22 Ocak 2009 Perşembe

HKPCG – 24 TİYATRO (MASKELİLER)

Yeni yılın ilk gezisinde tiyatroya gittik. Önceki tiyatro bileti alma girişimleri kolay olmamıştı. Bu oyuna bilet almam şu şekilde oldu: 11 Ocak 2009 Pazar gününden 5 gün önce öylesine şansımı denemek amacıyla Kadıköy Haldun Taner Sahnesi gişesine gittim. Maskeliler oyunu için sürpriz bir şekilde önlerden yan yana 8 kişilik yer olduğu görünce hemen biletleri aldım. HKPCG katılımcılarına ertesi gün duyurumu yaptım. Biraz sayı sınırlı oldu ama önceki deyimlerimden zaten aldığım biletlere kolayca talipli çıkmıyordu. Ben, Volkan, Nesrin, Yeşim, Mustafa, Aysel Abla, Bülent Abi ve bir gün önceden gelemeyeceğini bildiren arkadaşımızın yerine de Ezgisu geldi ve oyunu birlikte izledik.


Volkan’la 4-5 yıl önce Üsküdar’da çalışırken bazen iş çıkışları, Üsküdar Müsahipzade Celal Sahnesi’ne önceden bilet almadan, oyun başlamadan 20 dakika kadar önce gider, protokole ayrılmış en ön sıralarda yer varsa, bilet alır ve son beş dakikada oyuna girerdik. Bu Volkan’ın taktiğiydi. En ön sıradan oyun seyretmek de keyifliydi. Doğancılar Parkı’nın tam karşısında yer alan bu sahne uzun bir süre tadilattaydı. Tadilat sonrası ilk kez gidiyorduk.
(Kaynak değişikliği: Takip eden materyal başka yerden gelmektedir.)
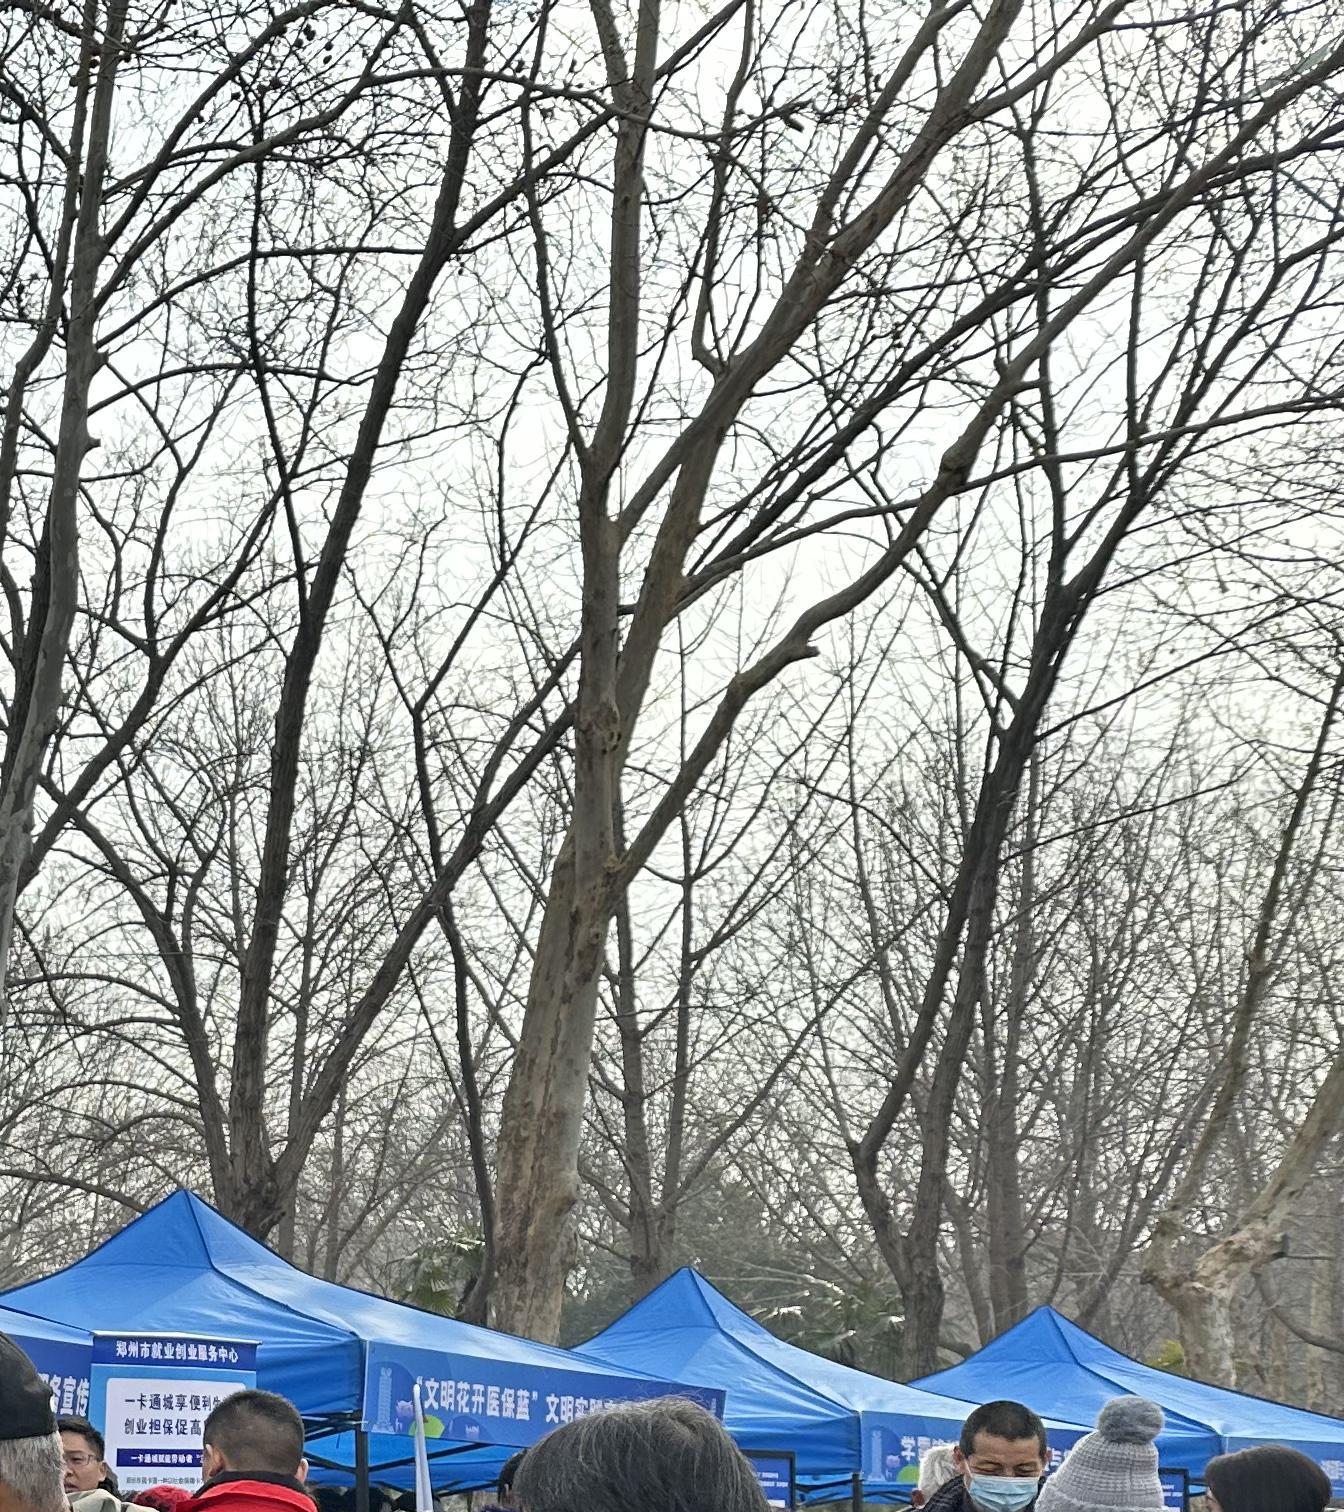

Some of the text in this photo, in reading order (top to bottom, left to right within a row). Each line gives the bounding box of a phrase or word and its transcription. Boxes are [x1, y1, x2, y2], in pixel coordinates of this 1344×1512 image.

[116, 1340, 239, 1364] 郑州市就业创业服务中心
[38, 1373, 90, 1417] 务宣传
Tavan yükselmiş, koltuklar yenilenmiş, yeni bir tiyatro salonu olmuştu olmasına ama ne hikmetse eski kafalı ticari sinema işletmecileri gibi biraz daha fazla seyirci alsın diye koltukların arasındaki mesafeyi gene çok dar tutmuşlardı. Siz tam koltuğunuza yerleşmişken, yanınızdaki koltuğa oturmak isteyen başka bir izleyiciye yer vermeniz için ya bedeninizi dikleştirip dizlerinize garip şekiller vermeniz ya da ayağa kalkıp geriye koltuğa yaslanarak geçişi kolaylaştırmanız gerekiyor. Yenilenmiş bir tiyatro salonunda bile bunları yaşadığınız için gene hayret ediyor ve 1 saniye içinde de bunlar ülkemizde olağan şeyler kabul edildiğinden hayret ettiğinize hayret ediyorsunuz.


Oyunun adı Maskelier, yazan Ilan Hatsor, Türkçeye çeviren Nebil Tarhan, yöneten Taner Barlas. Hikaye Filistin’de geçiyor. Maskeliler Ortadoğu’da veya halkları birbirine kırdıran, kardeşi kardeşe düşman eden her coğrafya için geçerli olabilecek iç burkucu bir konuya sahip. Filistinli üç kardeşin hesaplaşmasını canlandıran oyuncular Sedar Orçin, Levent Üzümcü ve Mehmet Gürhan başarılı bir oyunculuk sergiliyorlar. Kendinizi oyuna kaptırmışken, oyunun çabuk bitmesi biraz şaşırtıcı. Ama belki sürenin çok uzun olmaması da iyidir.

Oyun çıkışı bir pastaneye oturup çay, pasta eşliğinde sohbet ederek biraz özlem giderdik. Bir daha ne zaman tiyatroya gideriz bilemiyorum. Ama Burak'ın Kartepe önerisi için anket açtım, gelen yanıtlar doğrultusunda bir şeyler organize edeceğim veya etmeyeceğim.